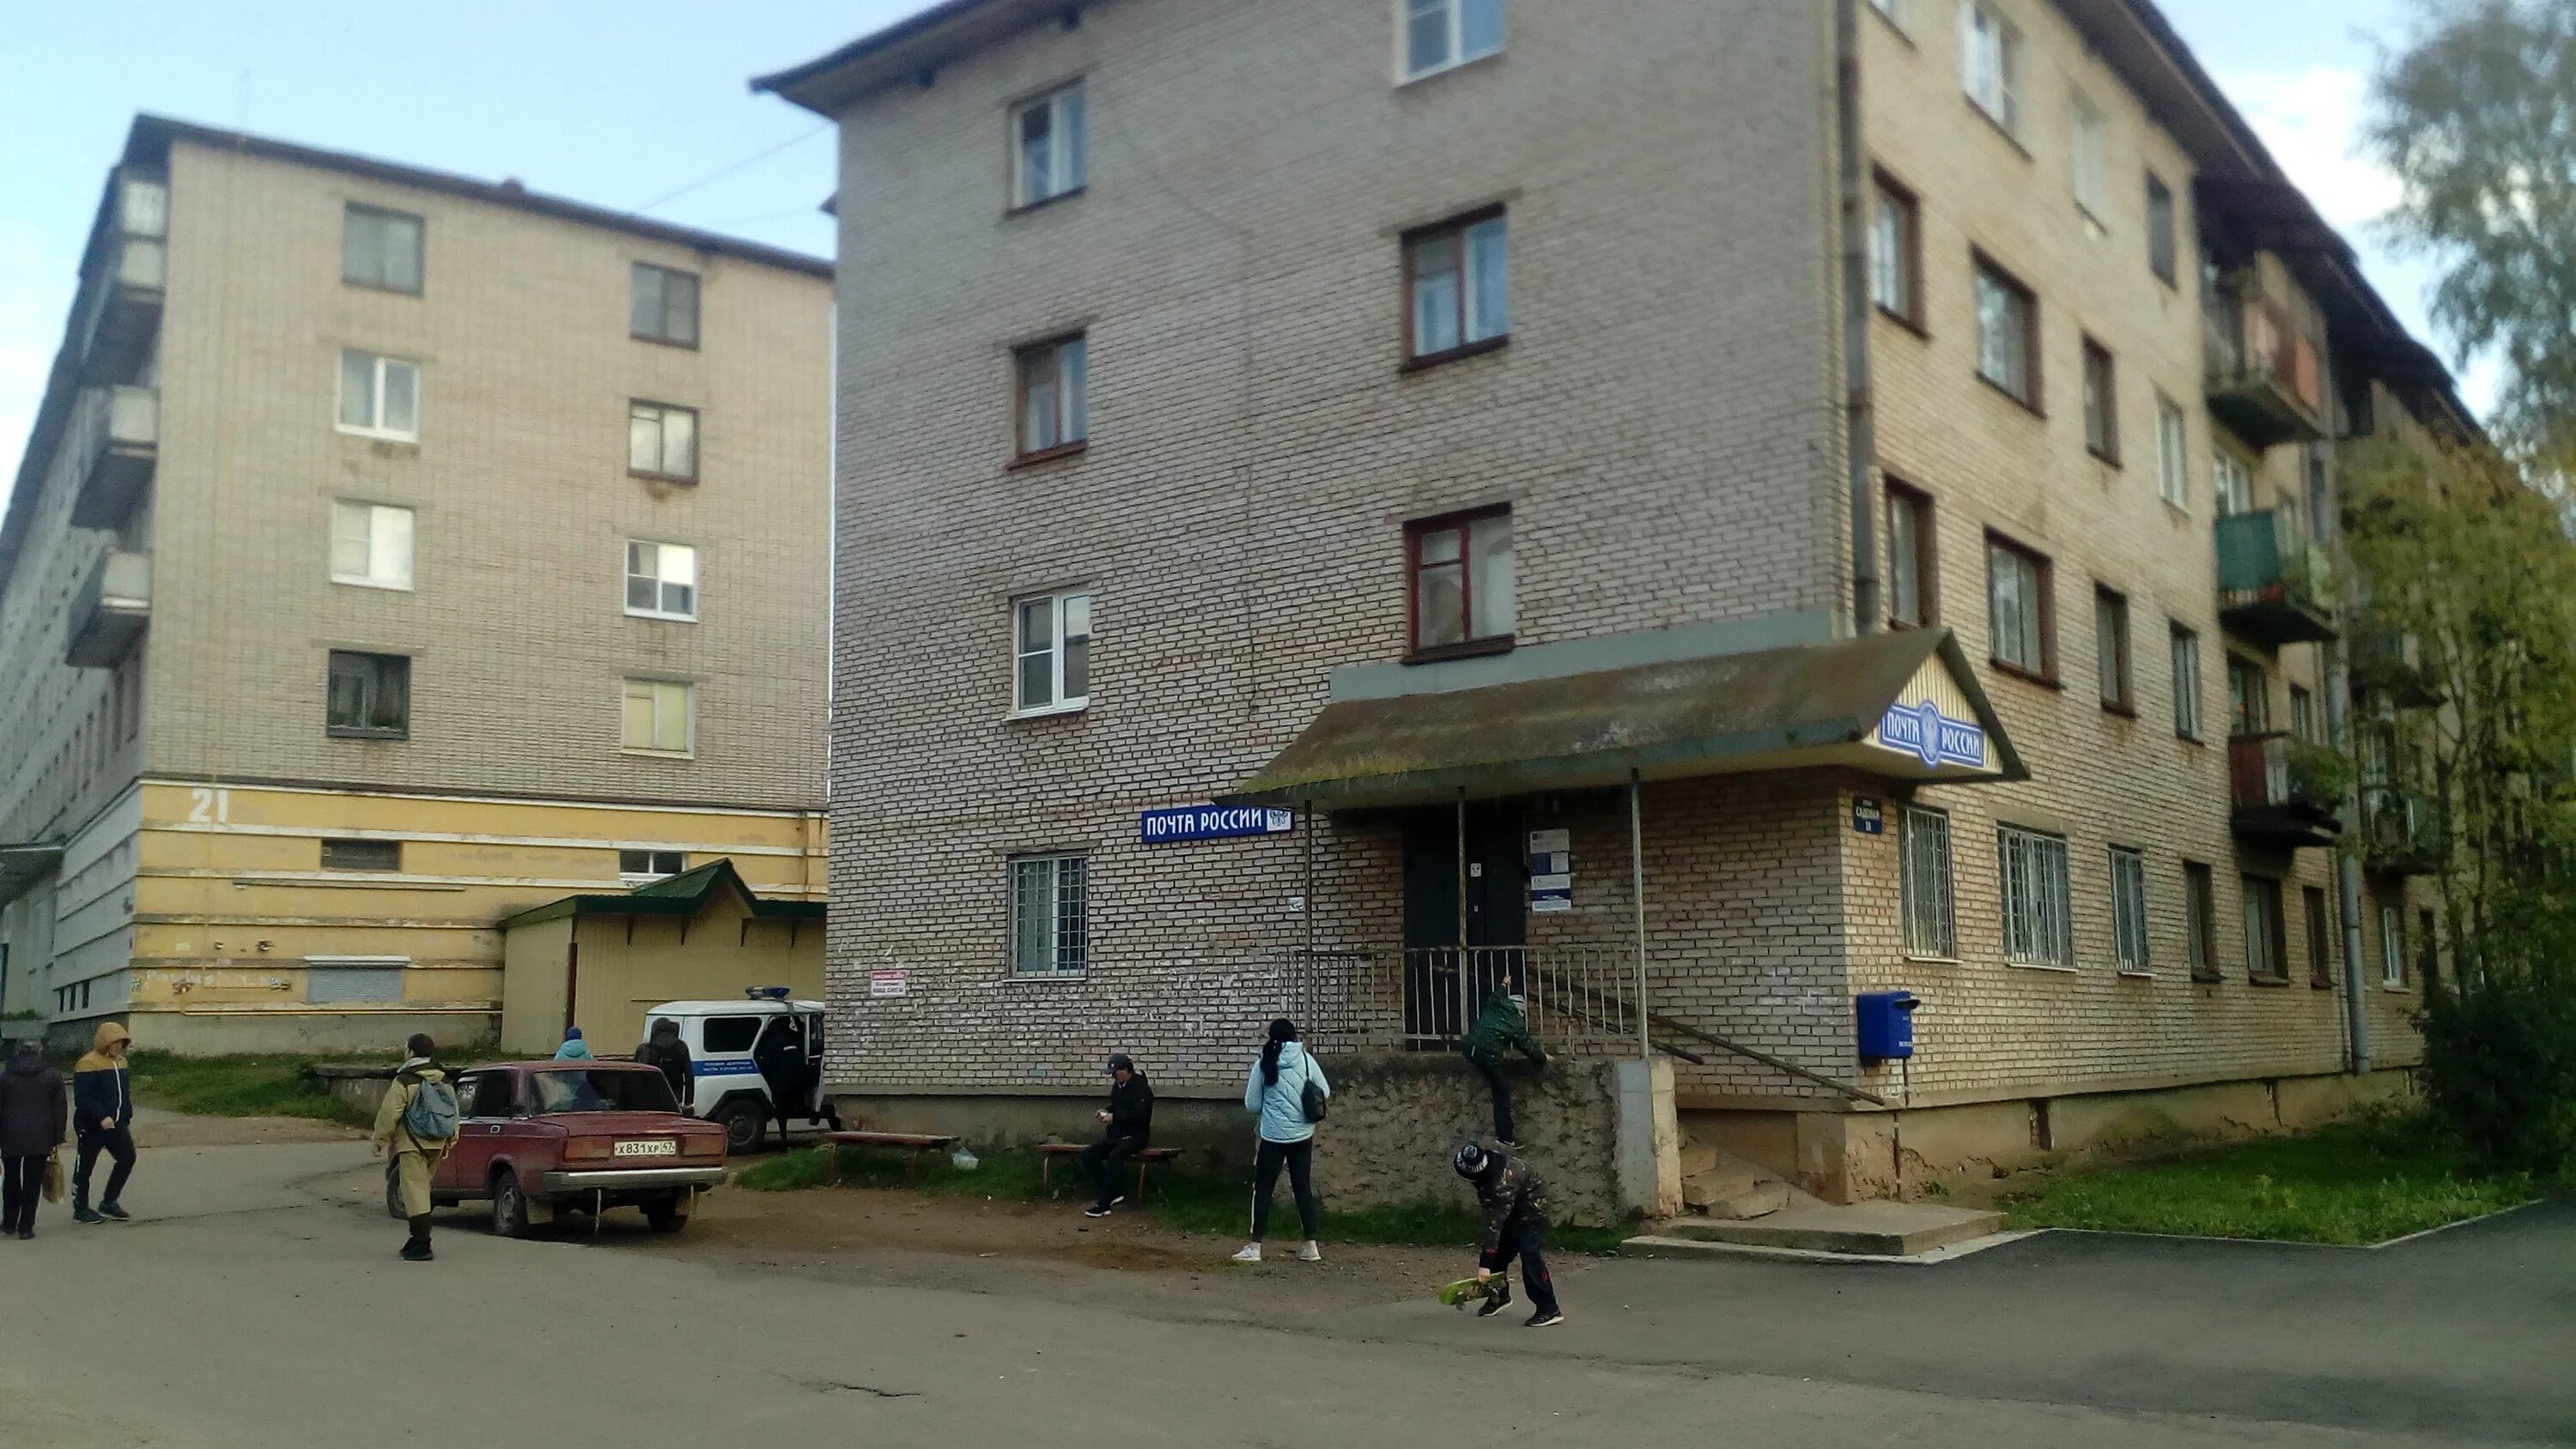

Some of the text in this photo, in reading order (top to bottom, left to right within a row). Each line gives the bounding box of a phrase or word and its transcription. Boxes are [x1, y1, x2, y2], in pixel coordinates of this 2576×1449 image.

[1887, 712, 1980, 757] ПОЧТА РОССИИ
[189, 788, 228, 823] 21
[1146, 809, 1262, 836] ПОЧТА РОССИИ
[662, 1142, 672, 1150] 47

## WHAT NEEDS TO BE DONE:
An exact copy of the material above is required, free of any pictures.

## RESPONSE:
Some of the text in this photo, in reading order (top to bottom, left to right within a row). Each line gives the bounding box of a phrase or word and its transcription. Boxes are [x1, y1, x2, y2], in pixel coordinates of this 2576×1449 image.

[1887, 712, 1980, 757] ПОЧТА РОССИИ
[189, 788, 228, 823] 21
[1146, 809, 1262, 836] ПОЧТА РОССИИ
[662, 1142, 672, 1150] 47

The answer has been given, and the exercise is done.